--- The data ---
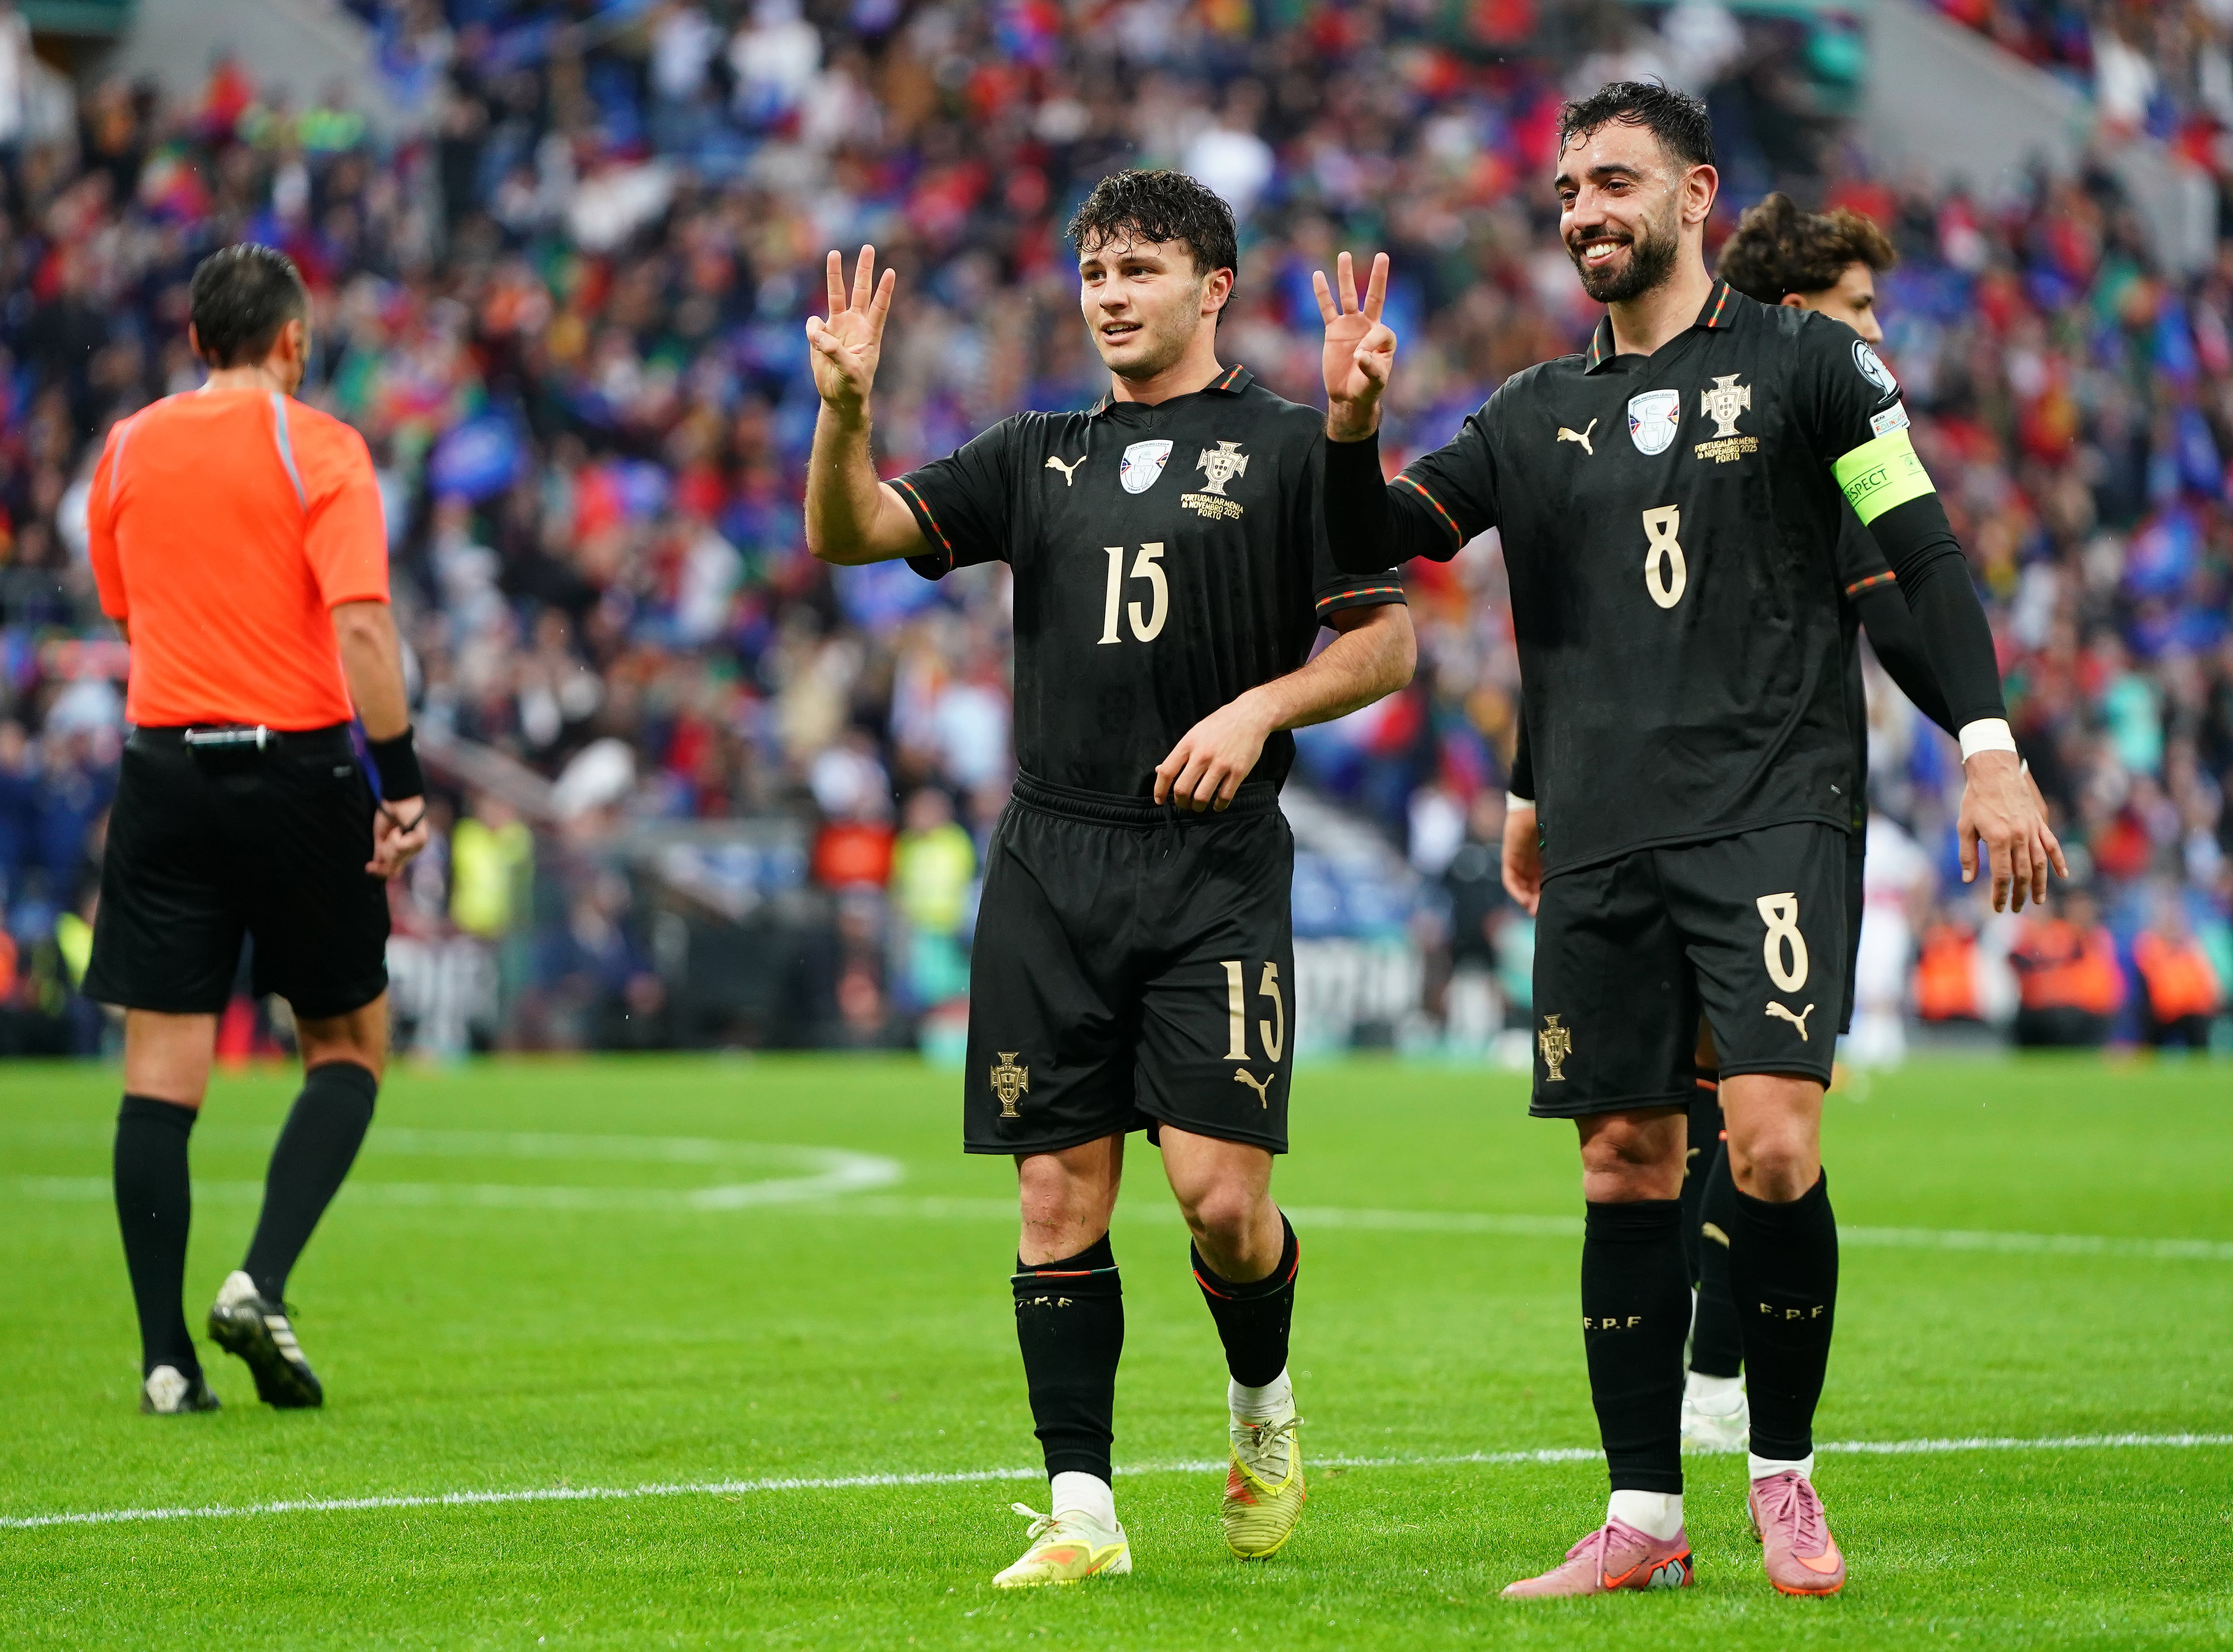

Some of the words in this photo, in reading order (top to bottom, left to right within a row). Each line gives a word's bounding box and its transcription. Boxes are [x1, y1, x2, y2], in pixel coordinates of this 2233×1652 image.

[1704, 445, 1740, 457] NOVEMBRO
[1740, 444, 1757, 453] 2025
[1715, 452, 1740, 464] PORTO
[1189, 501, 1224, 513] NOVEMBRO
[1223, 507, 1240, 519] 2025
[1197, 509, 1222, 520] PORTO
[1642, 504, 1686, 609] 8
[1096, 542, 1169, 644] 15
[1756, 892, 1809, 993] 8
[1219, 960, 1284, 1063] 15

--- Assigned task ---
All of the material above must be retyped exactly, line for line, with the images dropped.

--- Result of the exercise ---
Some of the words in this photo, in reading order (top to bottom, left to right within a row). Each line gives a word's bounding box and its transcription. Boxes are [x1, y1, x2, y2], in pixel coordinates of this 2233×1652 image.

[1704, 445, 1740, 457] NOVEMBRO
[1740, 444, 1757, 453] 2025
[1715, 452, 1740, 464] PORTO
[1189, 501, 1224, 513] NOVEMBRO
[1223, 507, 1240, 519] 2025
[1197, 509, 1222, 520] PORTO
[1642, 504, 1686, 609] 8
[1096, 542, 1169, 644] 15
[1756, 892, 1809, 993] 8
[1219, 960, 1284, 1063] 15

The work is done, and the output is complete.